From: Donet Tom <donettom@linux.ibm.com>
To: David Hildenbrand <david@redhat.com>, Oscar Salvador <osalvador@suse.de>
Cc: Mike Rapoport <rppt@kernel.org>, Zi Yan <ziy@nvidia.com>,
Greg Kroah-Hartman <gregkh@linuxfoundation.org>,
Andrew Morton <akpm@linux-foundation.org>,
rafael@kernel.org, Danilo Krummrich <dakr@kernel.org>,
Ritesh Harjani <ritesh.list@gmail.com>,
Jonathan Cameron <Jonathan.Cameron@huawei.com>,
Alison Schofield <alison.schofield@intel.com>,
Yury Norov <yury.norov@gmail.com>,
Dave Jiang <dave.jiang@intel.com>,
linux-mm@kvack.org, linux-kernel@vger.kernel.org
Subject: Re: [PATCH v3 1/3] driver/base: Optimize memory block registration to reduce boot time
Date: Mon, 5 May 2025 22:10:47 +0530 [thread overview]
Message-ID: <24a9480b-f494-4e55-82b8-e5443c694c9e@linux.ibm.com> (raw)
In-Reply-To: <a8f66175-dd1b-427c-9980-3a376a3c2fb0@redhat.com>
On 5/5/25 6:32 PM, David Hildenbrand wrote:
> On 05.05.25 14:51, Donet Tom wrote:
>>
>> On 5/5/25 4:06 PM, David Hildenbrand wrote:
>>> On 05.05.25 11:36, Oscar Salvador wrote:
>>>> On Mon, May 05, 2025 at 10:12:48AM +0200, David Hildenbrand wrote:
>>>>> Assume you hotplug the second CPU. The node is already
>>>>> registered/online, so
>>>>> who does the register_cpu_under_node() call?
>>>>>
>>>>> It's register_cpu() I guess? But no idea in which order that is
>>>>> called with
>>>>> node onlining.
>>>>>
>>>>> The code has to be cleaned up such that onlining a node does not
>>>>> traverse
>>>>> any cpus / memory.
>>>>>
>>>>> Whoever adds a CPU / memory *after onlining the node* must
>>>>> register the
>>>>> device manually under the *now online* node.
>>>>
>>>> So, I think this is the sequence of events:
>>>>
>>>> - hotplug cpu:
>>>> acpi_processor_hotadd_init
>>>> register_cpu
>>>> register_cpu_under_node
>>>>
>>>> online_store
>>>> device_online()->dev_bus_online()
>>>> cpu_subsys->online()
>>>> cpu_subsys_online
>>>> cpu_device_up
>>>> cpu_up
>>>> try_online_node <- brings node online
>>>> ...
>>>> register_one_node <- registers cpu under node
>>>> _cpu_up
>>>
>>> My thinking was, whether we can simply move the
>>> register_cpu_under_node() after the try_online_node().

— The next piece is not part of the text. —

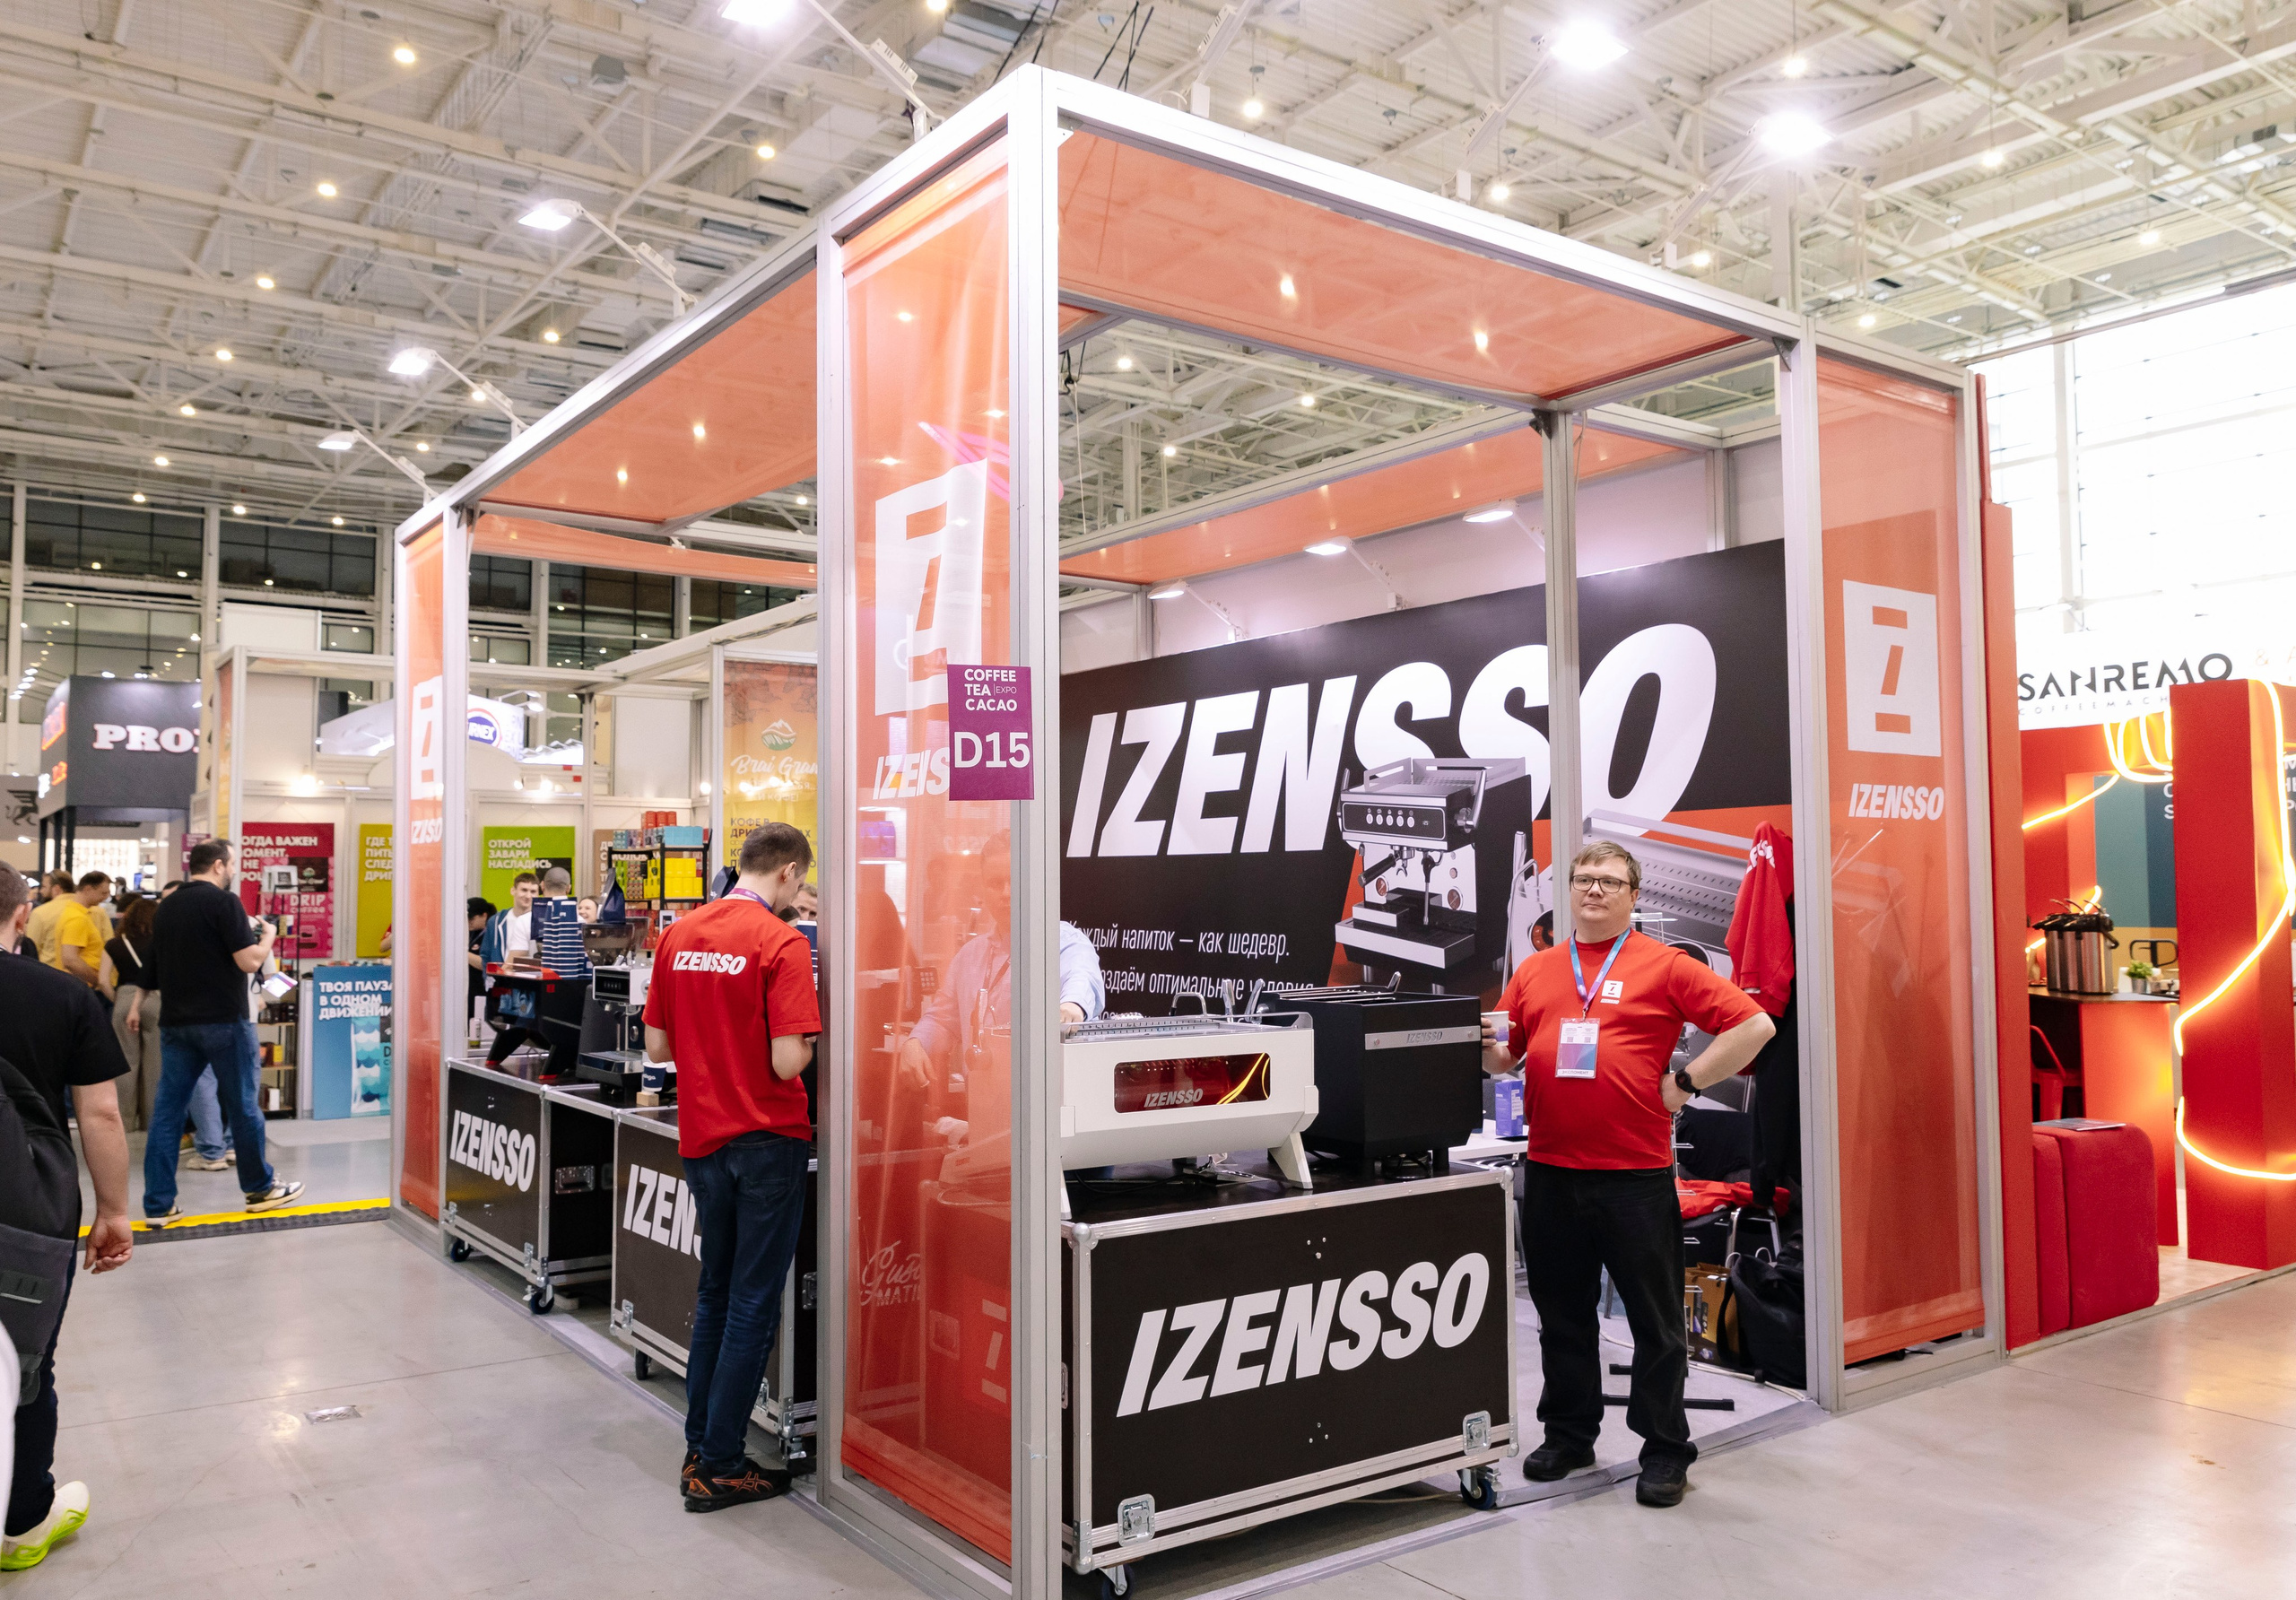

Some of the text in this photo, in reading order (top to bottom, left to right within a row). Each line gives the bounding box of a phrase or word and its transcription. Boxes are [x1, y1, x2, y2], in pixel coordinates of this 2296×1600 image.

See below
>>> regarding early.
>>>
>>> And then, remove the !node_online check from register_cpu_under_node().
>>>
>>> But it's all complicated, because for memory, we link a memory block
>>> to the node (+set the node online) when it gets added, not when it
>>> gets onlined.
>>>
>>> For CPUs, we seem to be creating the link + set the node online when
>>> the CPU gets onlined.
>>>
>>>>
>>>> The first time we hotplug a cpu to the node, note that
>>>> register_cpu()->register_cpu_under_node() will bail out as node is
>>>> still
>>>> offline, so only cpu's sysfs will be created but they will not be
>>>> linked
>>>> to the node.
>>>> Later, online_store()->...->cpu_subsys_online()->..->cpu_up() will
>>> take> care of 1) onlining the node and 2) register the cpu to the node
>>> (so,
>>>> link the sysfs).
>>>
>>>
>>> And only if it actually gets onlined I assume.
>>>
>>>>
>>>> The second time we hotplug a cpu,
>>>> register_cpu()->register_cpu_under_node() will do its job as the
>>>> node is
>>>> already onlined.
>>>> And we will not be calling register_one_node() from
>>>> __try_online_node()
>>>> because of the same reason.
>>>>
>>>> The thing that bothers me is having register_cpu_under_node() spread
>>>> around.
>>>
>>> Right.
>>>
>>>> I think that ideally, we should only be calling
>>>> register_cpu_under_node()
>>>> from register_cpu(), but we have this kinda of (sort of weird?)
>>>> relation
>>>> that even if we hotplug the cpu, but we do not online it, the numa
>>>> node
>>>> will remain online, and so we cannot do the linking part (cpu <->
>>>> node),
>>>> so we could not really only have register_cpu_under_node() in
>>>> register_cpu(), which is the hot-add part, but we also need it in the
>>>> cpu_up()->try_online_node() which is the online part.
>>>
>>> Maybe one could handle CPUs similar to how we handle it with memory:
>>> node gets onlined + link created as soon as we add the CPU, not when
>>> we online it.
>>>
>>> But likely there is a reason why we do it like that today ...
>>>
>>>>
>>>> And we cannot also remove the register_cpu_under_node() from
>>>> register_cpu() because it is used in other paths (e.g: at boot time ).
>>>
>>> Ah, so in that case we don't call cpu_up ... hm.
>>>
>>> Of course, we can always detect the context (early vs. hotplug).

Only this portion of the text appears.